Updating the Gametypes for Halo 5:
Halo 5, as of right now, is still on track for release later this year. However, with it being an Xbox One exclusive, I’m almost betting the Megalo script system would be updated to handle far more things in a gametype than what Halo 4 can today. With that, I assume more options would be able to be user-defined, and more actions can be added for gametype-specific settings that players have been moaning about for a good amount of time.

-Fixing Capture the Flag to conserve all 5 Flag modes (include Speedflag/3-Flag)
-Allowing the flag as a Single-Use weapon, rather than just an attached object.
-Allowing the dropping of a flag.
-Disallowing automatic pickup.
-Letting players dictate the radius of capturing hills/flags/goals based on “size” of the object the label is assigned to.
-Allow “progressive” objective spawns. (Capture a flag and if another flag return point has 1 for spawn sequence, then spawn the next flag there until captured, then spawn it at item with spawn sequence 2. If there’s no 2, revert to 0. Extraction and KoTH do this correctly already). Can be independent of flags and/or capture plates.
-Re-integrate Assault with all of it’s settings.
-Allow spawning the Flag or a Ball as a Vehicle or Weapon properly. (Can’t as they are considered objects, not weapons).
-Combine Regicide, Juggernaut, and VIP (all 3 are essentially the same with some minor trait setting differences) into 1 gametype, if possible. Regicide needs an option for “King Determination” based on making the new King the person who killed the King (Juggernaut) or random (VIP). Allow for 1-sided Regicide games.

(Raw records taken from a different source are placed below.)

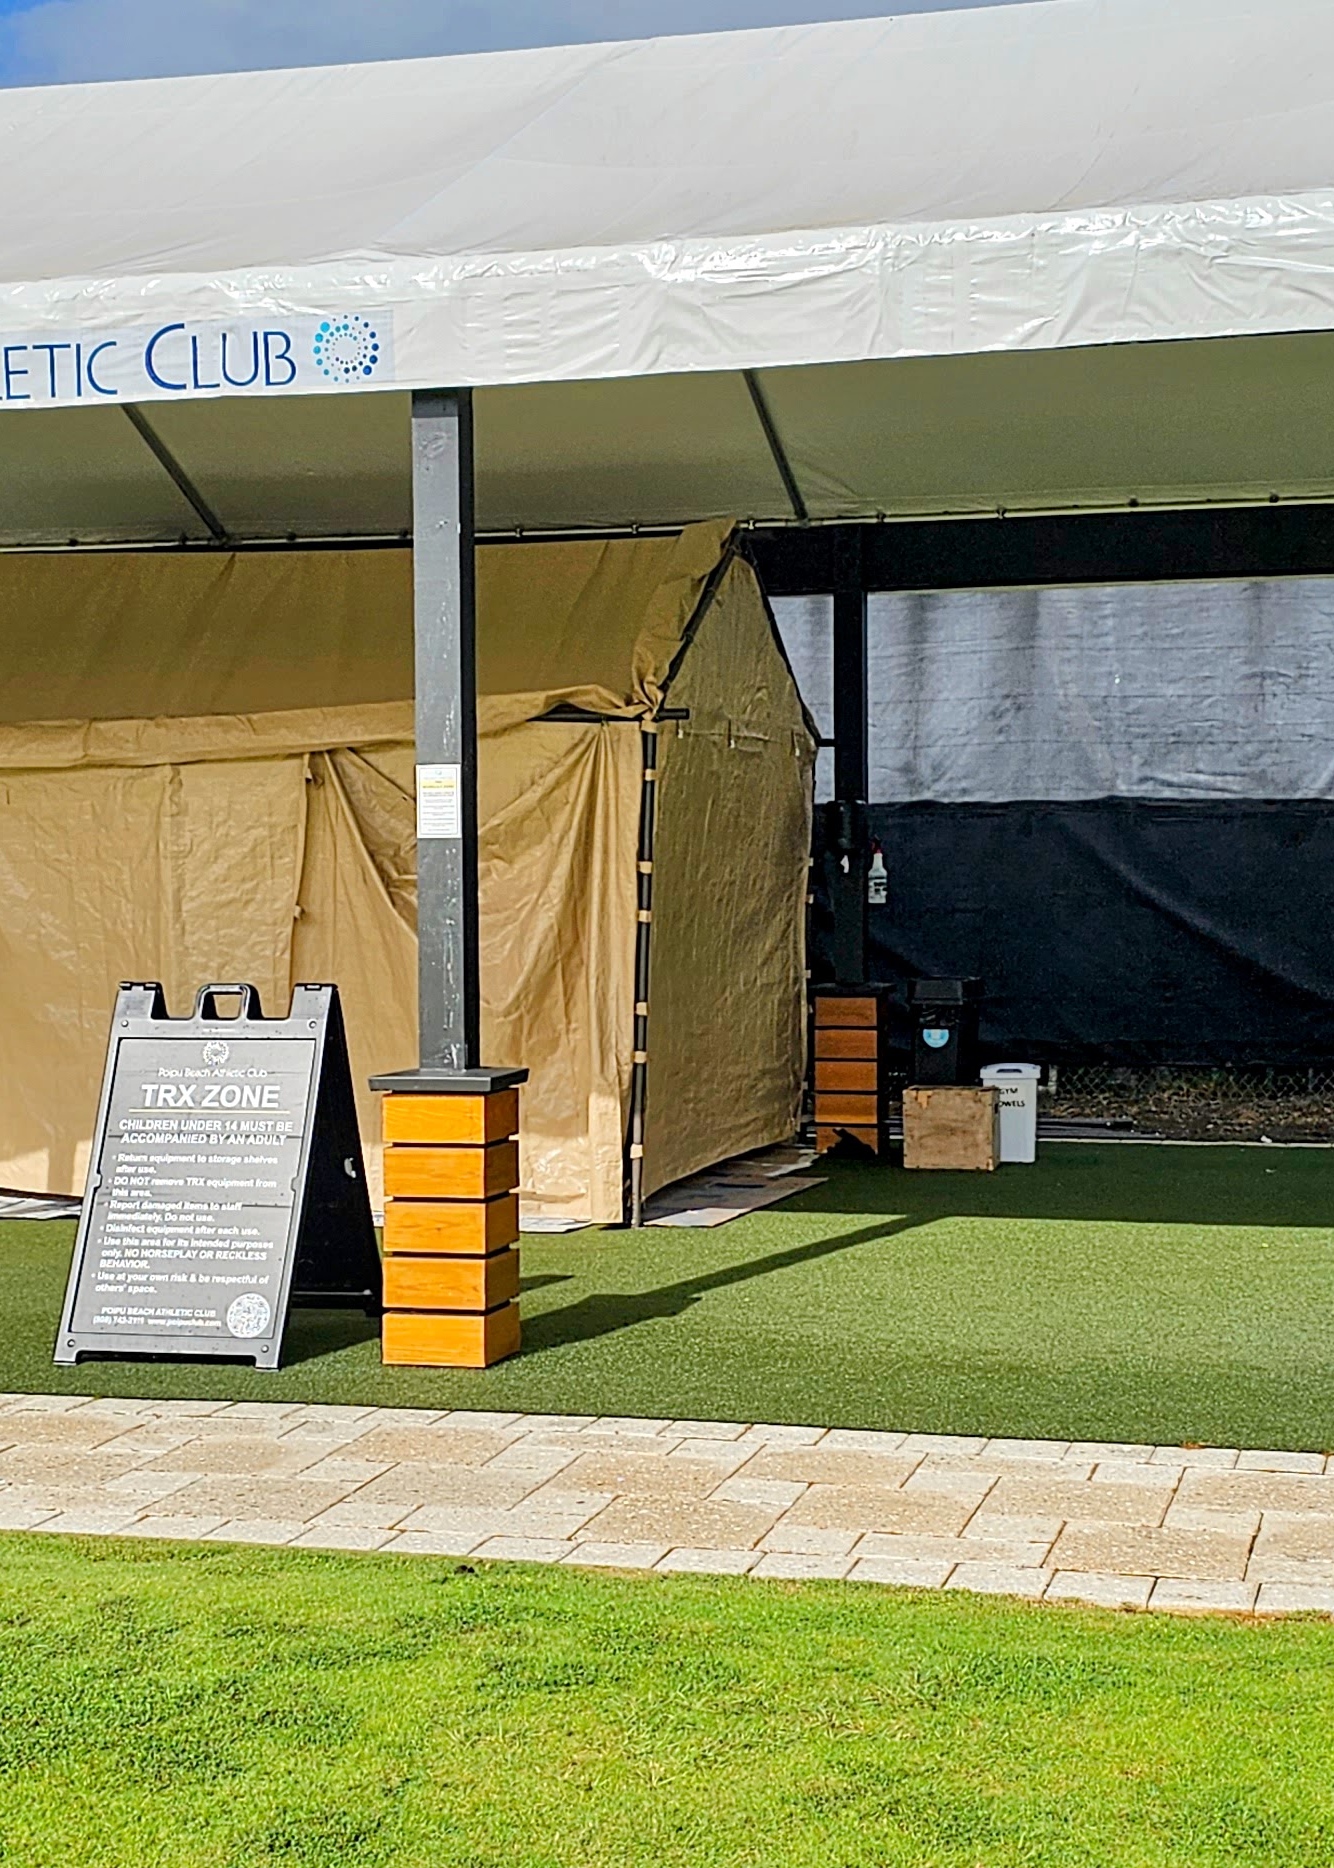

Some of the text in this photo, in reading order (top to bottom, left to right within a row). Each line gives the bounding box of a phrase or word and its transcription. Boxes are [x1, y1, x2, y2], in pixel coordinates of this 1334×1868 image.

[143, 322, 298, 391] CLUB
[246, 1068, 268, 1079] Club
[141, 1084, 281, 1108] TRX ZONE
[998, 1100, 1026, 1108] OWELS
[119, 1119, 293, 1132] CHILDREN UNDER 14 MUST BE
[120, 1133, 287, 1146] ACCOMPANIED BY AN ADULT
[117, 1153, 278, 1166] Return equipment to storage shelves
[116, 1165, 157, 1174] after use.
[113, 1177, 277, 1189] DO NOT remove TRX equipment from
[112, 1188, 129, 1197] this
[109, 1200, 243, 1211] Report damaged items to staff
[164, 1213, 177, 1222] Do
[178, 1213, 195, 1222] not
[196, 1214, 215, 1222] use.
[105, 1223, 261, 1236] Disinfect equipment after each use.
[103, 1237, 274, 1250] Use this area for its intended purposes
[124, 1249, 139, 1258] NO
[140, 1249, 198, 1259] HORSEPLAY
[199, 1250, 216, 1260] OR
[216, 1251, 267, 1261] RECKLESS
[97, 1271, 115, 1281] Use
[116, 1272, 126, 1281] at
[127, 1273, 148, 1283] your
[149, 1274, 169, 1282] own
[170, 1273, 189, 1282] risk
[198, 1274, 210, 1283] be
[211, 1274, 258, 1285] respectful
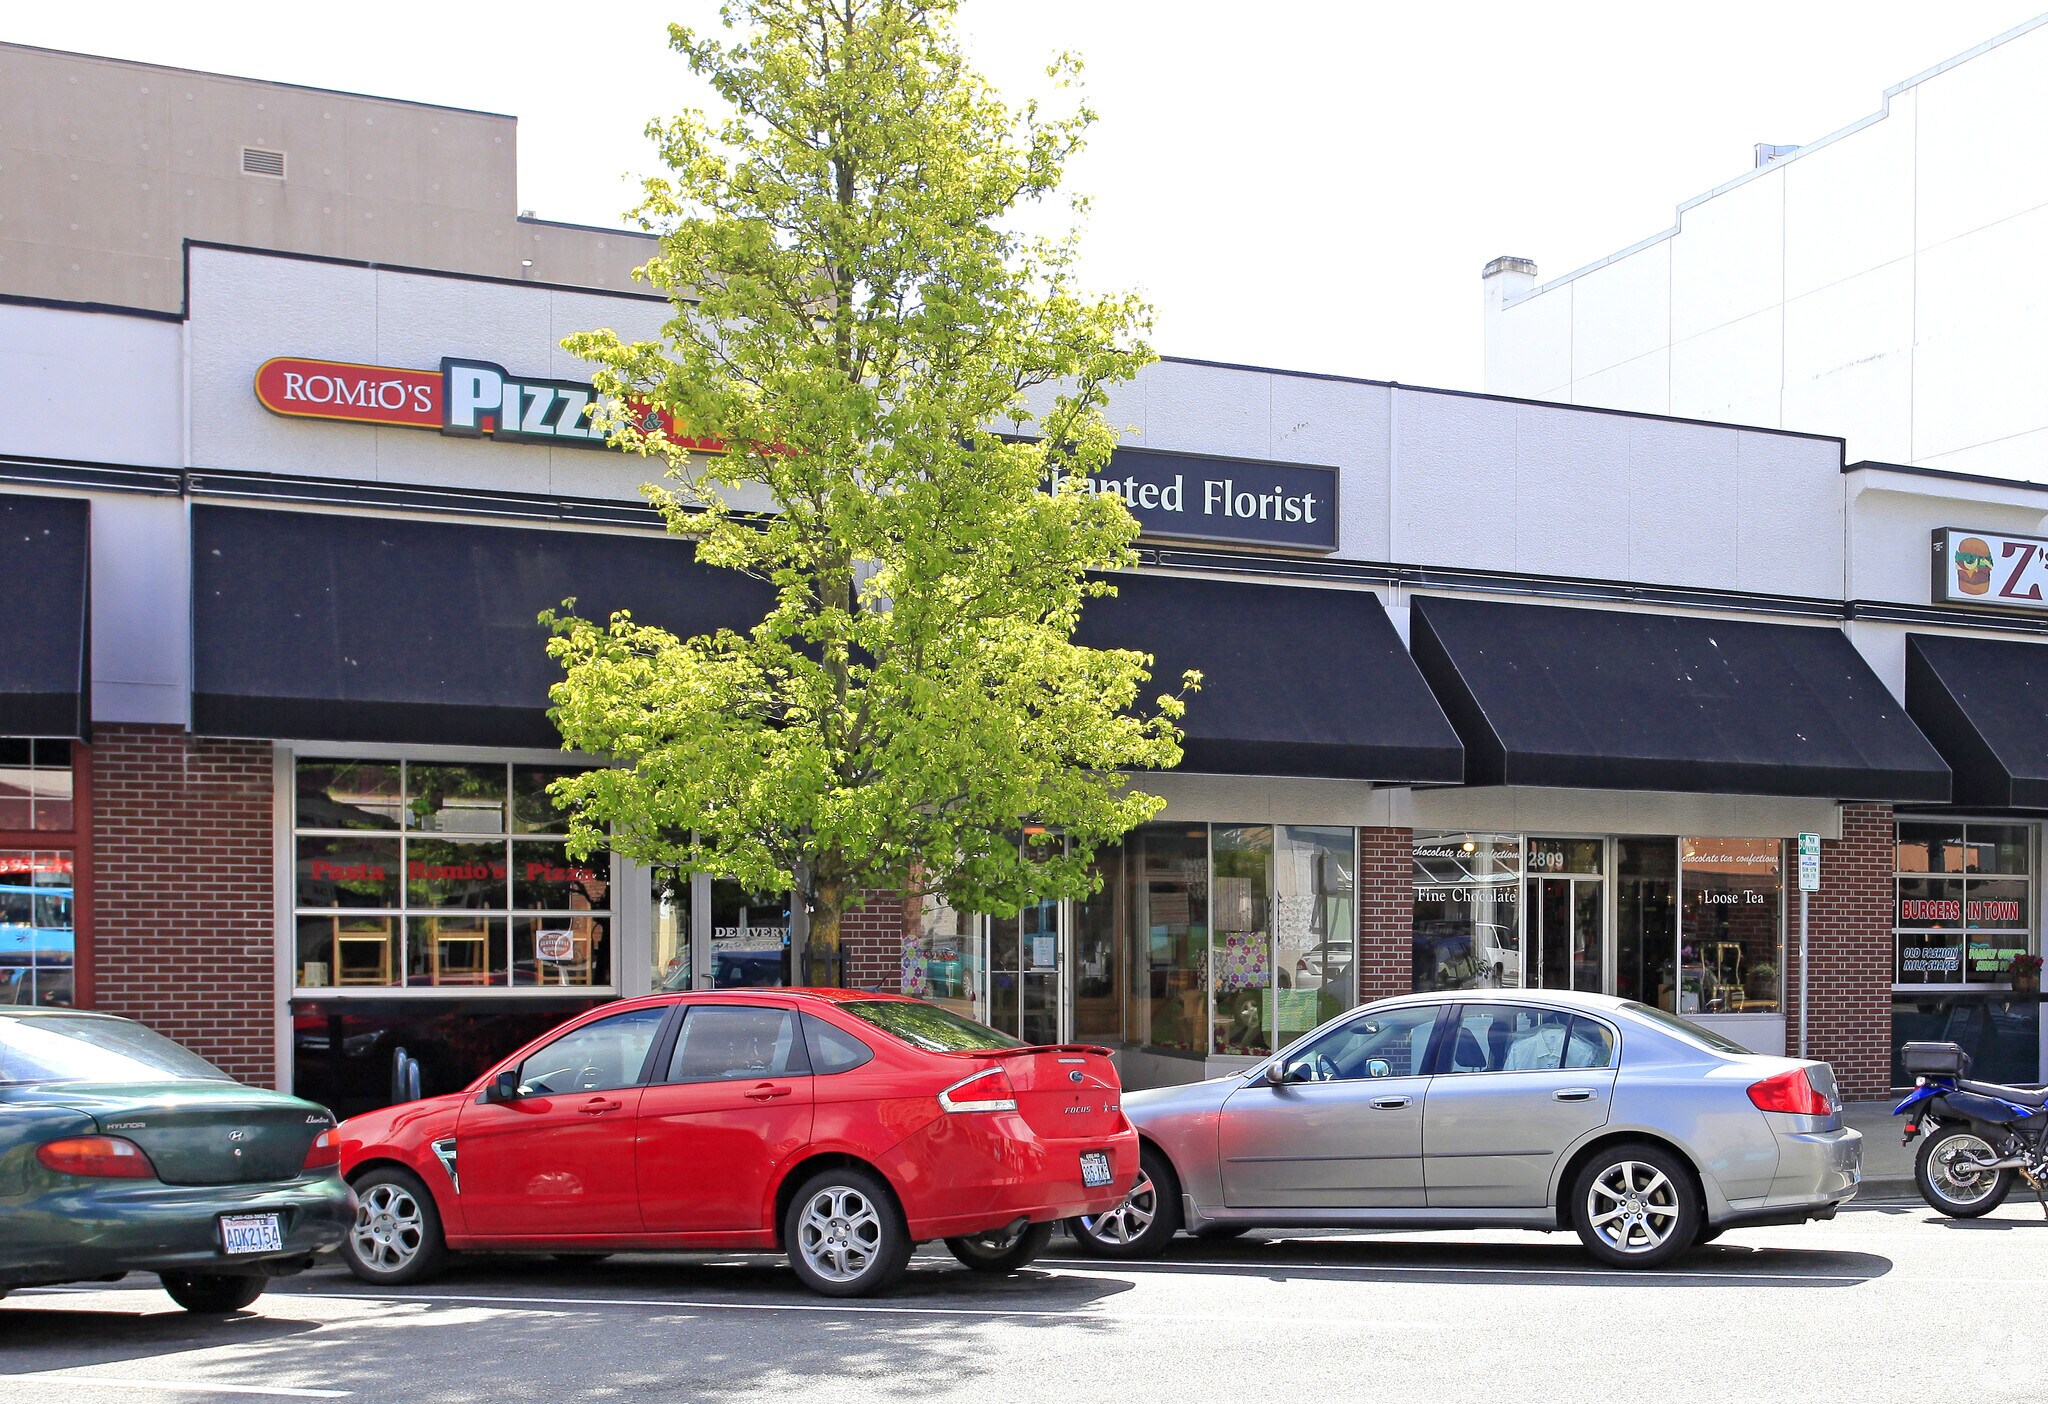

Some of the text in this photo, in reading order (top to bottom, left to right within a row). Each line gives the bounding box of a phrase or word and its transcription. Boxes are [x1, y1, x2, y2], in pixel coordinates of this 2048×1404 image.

[642, 412, 663, 431] &
[1204, 480, 1317, 524] Florist
[1412, 845, 1454, 858] chocolate
[1456, 850, 1471, 858] tea
[1528, 851, 1564, 867] 2809
[1682, 853, 1778, 866] chocolate tea confections
[311, 860, 386, 881] Pasta
[408, 860, 506, 880] Romio's
[1417, 887, 1516, 903] Fine Chocolate
[1704, 889, 1764, 904] Loose Tea
[1902, 900, 1960, 920] BURGERS
[1968, 901, 2018, 920] IN TOWN
[714, 927, 790, 937] DELIVERY
[1903, 947, 1958, 959] OLD FASHION
[1903, 959, 1959, 971] MILK SHAKES
[1064, 1106, 1091, 1114] FOCUS
[107, 1122, 146, 1130] HYUNDAI
[226, 1226, 279, 1248] ADK2154
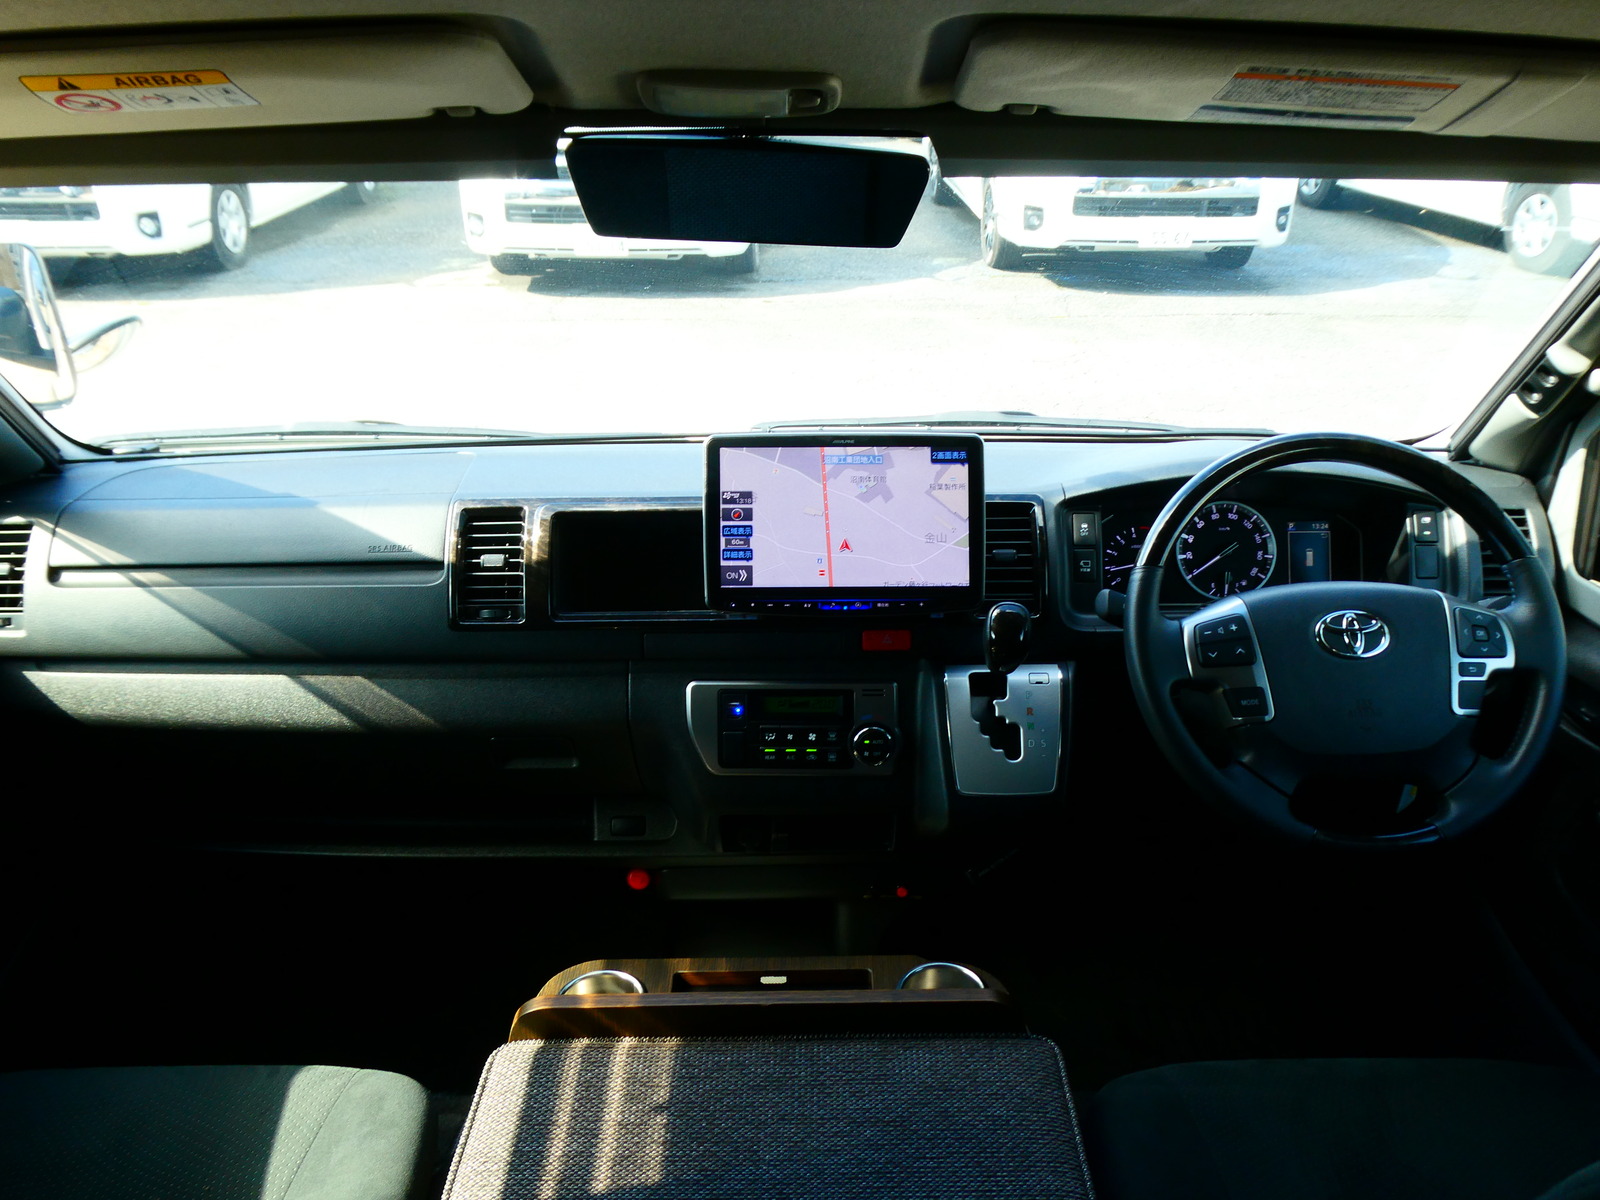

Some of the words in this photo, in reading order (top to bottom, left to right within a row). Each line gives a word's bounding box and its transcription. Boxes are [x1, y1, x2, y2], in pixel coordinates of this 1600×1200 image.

[114, 73, 203, 87] AIRBAG
[932, 451, 967, 460] 2画面表示
[1196, 520, 1205, 529] 60
[1242, 519, 1253, 530] 120
[723, 527, 752, 535] 広域表示
[924, 532, 947, 544] 金山
[1253, 532, 1262, 544] 140
[368, 545, 381, 553] SRS
[383, 544, 413, 552] AIRBAG
[723, 551, 752, 559] 詳細表示
[1256, 550, 1264, 561] 160
[1249, 567, 1259, 576] 180
[1026, 691, 1032, 699] P
[1240, 698, 1260, 706] MODE
[1026, 707, 1033, 716] R
[1040, 740, 1047, 748] S

I’ll follow up with more as the community responds.

Edit: I’d strongly prefer if you haven’t seen this app, to do so:

https://forums.halowaypoint.com/yaf_postst180701_Custom-Game-Option-Browser.aspx

I’m guessing you’ll explain why what seemed to work well enough in Reach is not working at all in Halo 4? We had Invasion in Reach. We had Race in Reach. We had Assault in Reach. We had AI that worked as a team in Firefight in Reach.

What’s going on?

> I’m guessing you’ll explain why what seemed to work well enough in Reach is not working at all in Halo 4? We had Invasion in Reach. We had Race in Reach. We had Assault in Reach. We had AI that worked as a team in Firefight in Reach.
>
> What’s going on?

Due to the new format of Halo 4, those gametypes would’ve had to either be roughly converted and updated, or re-written from scratch. With 343 taking the helm over a system they weren’t entirely familiar with, and making new gametypes of their own (Extraction/Dominion), they probably just didn’t have the time for those gametypes. The re-wrote Capture the Flag from scratch to run off of their new vision of the gametype, so that took time to playtest and bug-find. Dominion almost didn’t even make the cut.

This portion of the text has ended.